2. Plot Ternary Chart for an overall summary

library(plotly)
axis <- function(txt) {
  list(
    title = txt, tickformat = "%", tickfont = list(size = 10)
  )
}

ternaryAxes <- list(
  aaxis = axis("Active"),
  baxis = axis("Young"),
  caxis = axis("Old")
)

# Initiating a plotly visualization
plot_ly(
  agpop_mutated,
  a = ~ACTIVE,
  b = ~YOUNG,
  c = ~OLD,
  #text = ~YOUNG,
  type = "scatterternary",
  color = I("blue")
)%>%
  layout(
    ternary = ternaryAxes
  )
## Warning: `arrange_()` is deprecated as of dplyr 0.7.0.
## Please use `arrange()` instead.
## See vignette('programming') for more help
## This warning is displayed once every 8 hours.
## Call `lifecycle::last_warnings()` to see where this warning was generated.

preserveef58263c72d0221b

Results revealed from visualization

Key finding 1

Based on visualization 1 and 4, one can see that Singapore is a rapidly ageing population because of the broad middle segment as seen in the population pyramid.

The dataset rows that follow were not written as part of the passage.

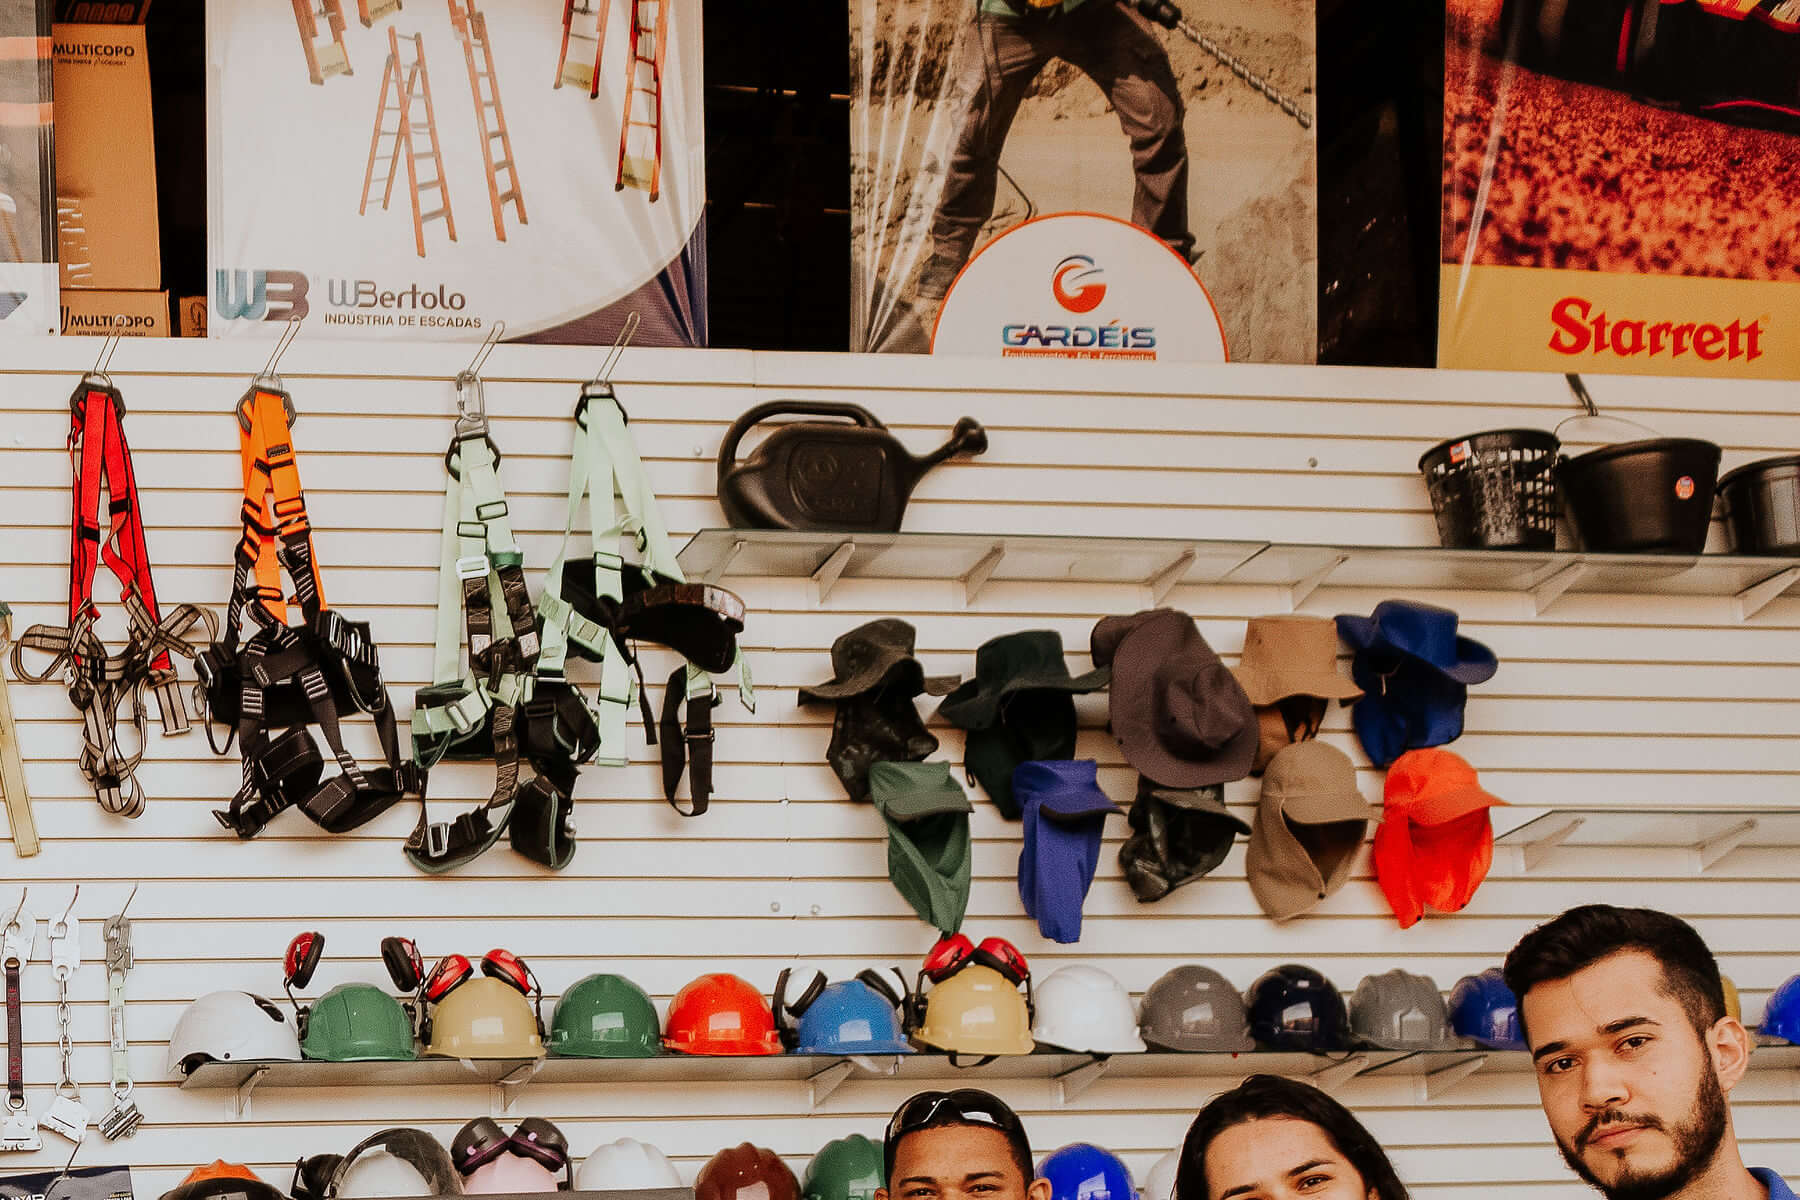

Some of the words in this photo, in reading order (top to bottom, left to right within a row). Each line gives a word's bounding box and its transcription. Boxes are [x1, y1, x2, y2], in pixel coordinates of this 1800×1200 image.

[52, 44, 135, 57] MULTICOPO
[324, 312, 394, 327] INDÚSTRIA
[398, 315, 416, 326] DE
[420, 316, 482, 328] ESCADAS
[1548, 296, 1764, 362] Starrett

While most Singaporeans still fall into the “Economically Active Population” category, it can easily be inferred from the visualization that in a few years’ time the broad middle segment of population will advance in years into the elderly population category. The summary provided by the ternary plot allows us to understand that currently majority of our population are the EAP, who will soon be advancing in years to be part of the ageing population.

Key finding 2

Based on visualization 2, one can infer that the demographic structures across different types of dwellings remain quite similar. While most other types of dwellings have a broad middle segment, the 3 room flat HDB has a structure that broadens towards the top. This could mean that many of the people living in 3 room HDB flats are elderly. Other types of dwellings have similar distributions - narrow bottom/broad middle and narrow bottom.

Key finding 3

Based on visualization 3, one can infer that Sengkang and Punggol have quite distinctive population structures with a broad middle segment. This means this area has proportionately higher number Economically Active Population living in the area. Bedok is a planning area to look out for as the pyramid structure is V-shape which means there is proportionately a higher number of elderly living in the area as compared to other areas.